That was the major takeaway from a conference call that Incubus frontman Brandon Boyd gave last week. According to Billboard, Boyd said, "We have no plans, to tell you the truth, at the moment. I have been tinkering around, potentially, with a second solo record. That's probably the most likely scenario. But as far as Incubus right now, we'll probably take another break."
Boyd's first solo album was 2010's The Wild Trapeze, which was produced by Dave Fridmann, best known for his work with the Flaming Lips. The album failed to make much of a dent on the charts or on rock radio.

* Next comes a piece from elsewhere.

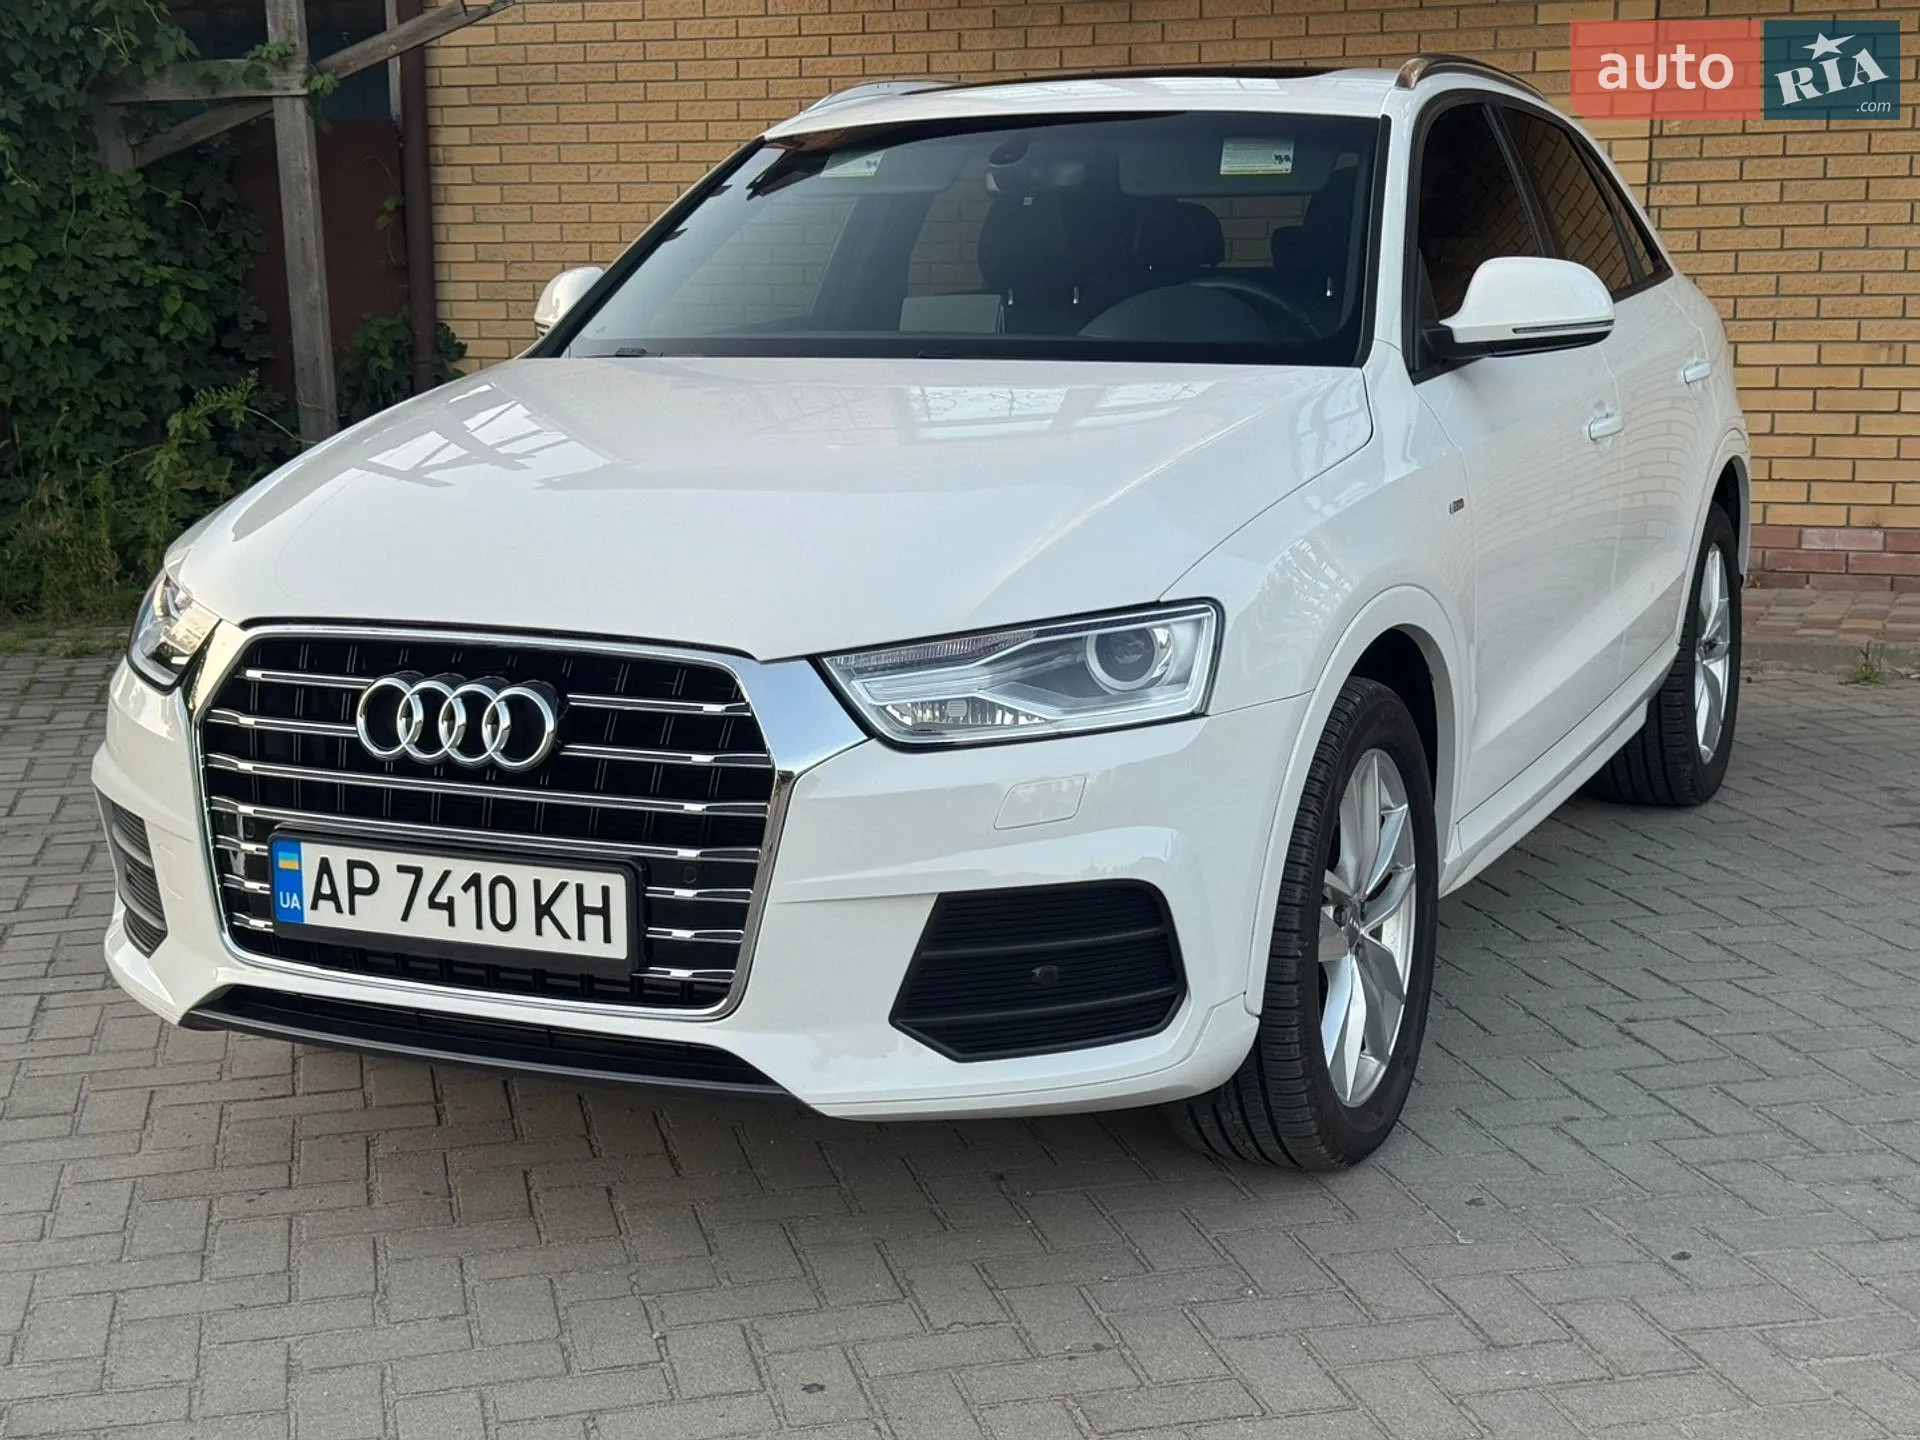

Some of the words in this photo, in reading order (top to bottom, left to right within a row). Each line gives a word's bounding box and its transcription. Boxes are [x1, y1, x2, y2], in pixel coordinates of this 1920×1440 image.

[279, 891, 301, 910] UA
[310, 856, 380, 916] AP
[396, 864, 517, 932] 7410
[533, 878, 612, 944] KH

If Not Now, When? featured the singles "Adolescents" and "Promises, Promises," but the album was something of a disappointment commercially, becoming the first Incubus record in more than 15 years not to at least go gold. When Boyd talked about the album before its release, he explained the anguish that inspired its lyrics. "The past couple of years were, I'll just say, educational," he said at the time. "I went through pretty weird and wild health scares where my body was kind of shutting down in certain ways. I went through a great deal of physical pain, and the way I decided to look at it was sort of a late rite of passage. As a result, a lot of the lyrics on this record have been dealing a lot with pain and transcendence." But it appears that the album's reception proved as painful for him as those health issues had been. According to Boyd, personnel changes at their label, Epic, caused If Not Now, When? to fall through the cracks.
"There was a lot of changing of the guard sort of going on," Boyd said last week. "There was a real lack of direction and leadership when we kind of needed it most. It was hard and it was frustrating, but it was also very telling for us and perhaps educational because we were forced into ingenuity... It forced us into thinking outside of that normal music industry paradigm we had gotten so accustomed to." Their relationship with Epic is now over, and Boyd suggested that Incubus aren't sure if they'll release future music by themselves or through a label.

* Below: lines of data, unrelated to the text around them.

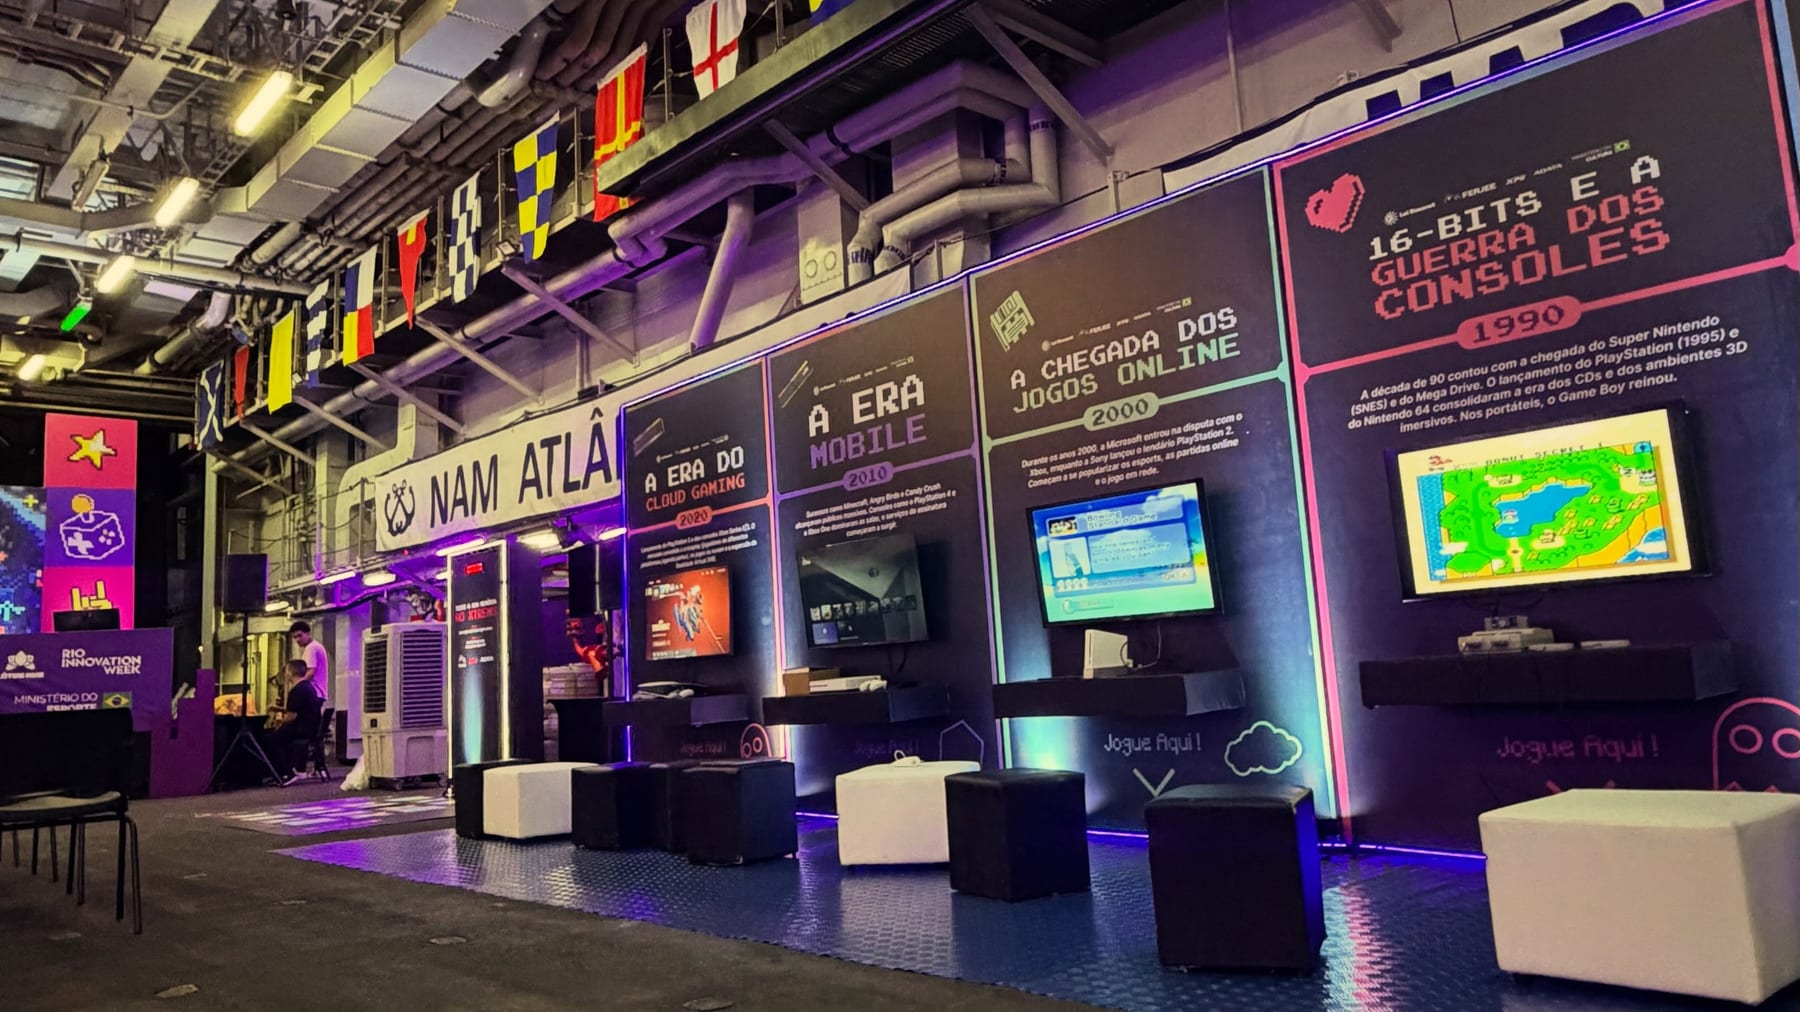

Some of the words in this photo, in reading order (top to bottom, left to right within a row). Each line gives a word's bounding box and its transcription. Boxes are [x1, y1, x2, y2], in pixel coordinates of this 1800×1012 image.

[1369, 190, 1542, 261] 16-BITS
[1570, 172, 1601, 202] E
[1630, 155, 1661, 185] A
[1461, 182, 1497, 199] FERJEE
[1371, 222, 1537, 287] GUERRA
[1566, 185, 1665, 235] DOS
[1374, 217, 1670, 320] CONSOLES
[1472, 303, 1566, 344] 1990
[1010, 369, 1026, 390] A
[1040, 330, 1160, 381] CHEGADA
[1177, 306, 1238, 342] DOS
[1360, 389, 1369, 400] A
[1371, 382, 1411, 399] década
[1413, 377, 1427, 390] de
[1429, 373, 1445, 386] 90
[1447, 367, 1488, 382] contou
[1491, 361, 1517, 373] com
[1519, 358, 1528, 367] a
[1531, 343, 1585, 364] chegada
[1588, 340, 1606, 355] do
[1609, 330, 1650, 348] Super
[1653, 315, 1720, 339] Nintendo
[1013, 373, 1098, 414] JOGOS
[1117, 332, 1240, 386] ONLINE
[1348, 417, 1362, 430] do
[1364, 408, 1412, 427] Nintendo
[1415, 406, 1430, 417] 64
[1432, 387, 1511, 413] consolidaram
[1514, 386, 1522, 395] a
[1524, 381, 1545, 394] era
[1547, 375, 1571, 391] dos
[1574, 370, 1602, 384] CDs
[1605, 370, 1613, 379] e
[1617, 361, 1642, 377] dos
[1645, 347, 1722, 372] ambientes
[1726, 341, 1748, 355] 3D
[1350, 399, 1387, 417] (SNES)
[1390, 399, 1397, 408] e
[1399, 394, 1414, 406] do
[1416, 389, 1447, 404] Mega
[1450, 380, 1484, 395] Drive.
[1486, 376, 1496, 388] O
[1499, 363, 1571, 385] lançamento
[1575, 357, 1592, 370] do
[1595, 342, 1674, 366] PlayStation
[1677, 328, 1726, 350] (1995)
[1729, 327, 1740, 339] e
[808, 404, 830, 437] A
[852, 374, 925, 425] ERA
[1091, 399, 1149, 427] 2000
[1400, 416, 1457, 433] imersivos.
[1459, 410, 1483, 422] Nos
[1485, 397, 1545, 418] portáteis,
[1547, 396, 1556, 405] o
[1558, 388, 1597, 402] Game
[1600, 381, 1626, 396] Boy
[1629, 373, 1678, 390] reinou.
[810, 413, 927, 469] MOBILE
[1059, 450, 1076, 460] anos
[1106, 434, 1142, 450] Microsoft
[1143, 429, 1170, 441] entrou
[1171, 426, 1182, 436] na
[1183, 419, 1214, 432] disputa
[1215, 415, 1235, 425] com
[1236, 412, 1244, 421] o
[1090, 454, 1109, 465] Sony
[1176, 429, 1224, 446] PlayStation
[1225, 425, 1235, 436] 2.
[430, 454, 498, 528] NAM
[518, 407, 621, 505] ATLÂ
[645, 472, 657, 493] A
[667, 458, 705, 487] ERA
[716, 445, 745, 474] DO
[850, 466, 888, 487] 2010
[1078, 463, 1120, 479] popularizar
[1120, 461, 1131, 469] os
[1165, 452, 1176, 460] as
[1176, 444, 1211, 459] partidas
[1212, 438, 1239, 451] online
[1107, 473, 1125, 485] jogo
[1125, 471, 1138, 479] em
[646, 489, 686, 511] CLOUD
[691, 472, 745, 500] GAMING
[679, 510, 709, 526] 2020
[61, 648, 85, 659] RIO
[61, 656, 141, 669] INNOVATION
[104, 665, 141, 675] WEEK
[14, 692, 79, 704] MINISTÉRIO
[81, 692, 98, 702] DO
[1104, 733, 1151, 757] Jogue
[1156, 733, 1193, 755] Aqui
[1497, 735, 1575, 764] Jogue
[1583, 735, 1644, 763] Aqui

In the meantime, Incubus will be heading off on a tour with Linkin Park in a few days. After that, well, it all sounds very uncertain. "[W]hat we'd like to do is arrive with the best of intentions and try to create music from a sense of urgency as well as purity and not necessarily based on a schedule," Boyd said during the conference call about the possibility of future Incubus albums. "I know that can be frustrating for our listeners and stuff, but I think we'll make better music as a result." Only time will tell.
Photo courtesy Chipster PR.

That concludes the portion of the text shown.